__SUPPLIED INFORMATION__.
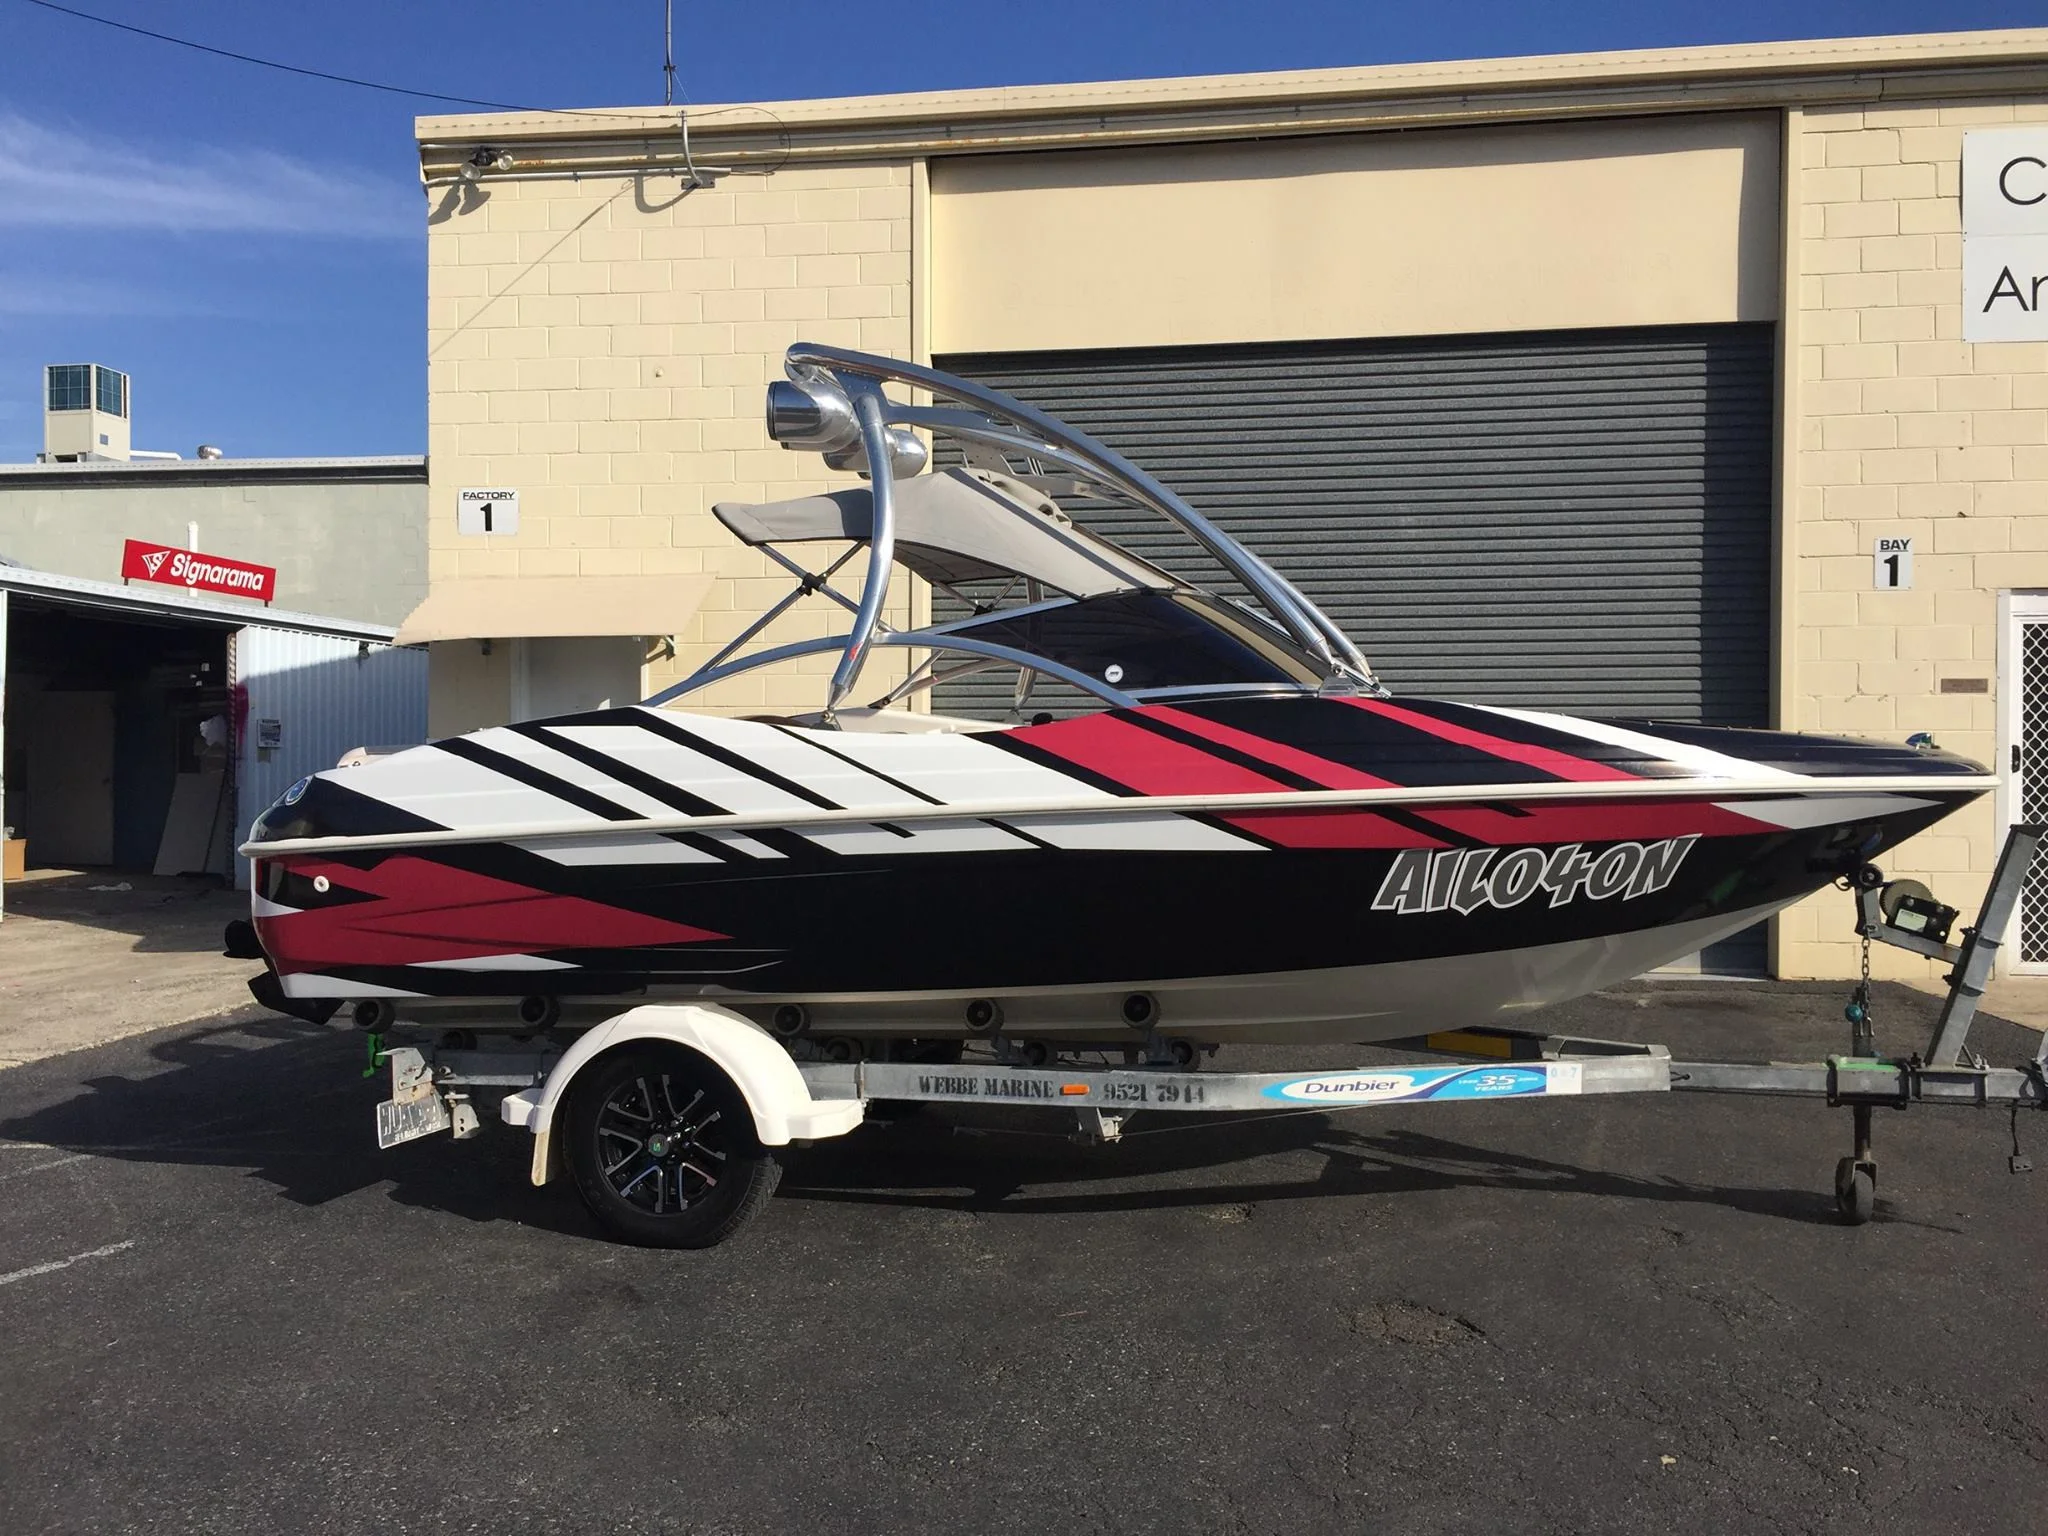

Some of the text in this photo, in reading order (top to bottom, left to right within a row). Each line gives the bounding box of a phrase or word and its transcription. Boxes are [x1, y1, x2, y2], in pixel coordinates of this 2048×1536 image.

[462, 491, 516, 500] FACTORY
[480, 502, 493, 532] 1
[1880, 538, 1911, 551] BAY
[170, 553, 264, 591] Signarama
[1883, 554, 1899, 587] 1
[919, 1075, 979, 1096] WEBBE
[984, 1077, 1055, 1098] MARINE
[1103, 1083, 1148, 1102] 9521
[1304, 1081, 1399, 1094] Dunbier
[1476, 1074, 1518, 1087] 35

__TASK PROMPT__. Give the listing again in full, exactly as it is, but without its images.

__SOLUTION__.
Some of the text in this photo, in reading order (top to bottom, left to right within a row). Each line gives the bounding box of a phrase or word and its transcription. Boxes are [x1, y1, x2, y2], in pixel coordinates of this 2048×1536 image.

[462, 491, 516, 500] FACTORY
[480, 502, 493, 532] 1
[1880, 538, 1911, 551] BAY
[170, 553, 264, 591] Signarama
[1883, 554, 1899, 587] 1
[919, 1075, 979, 1096] WEBBE
[984, 1077, 1055, 1098] MARINE
[1103, 1083, 1148, 1102] 9521
[1304, 1081, 1399, 1094] Dunbier
[1476, 1074, 1518, 1087] 35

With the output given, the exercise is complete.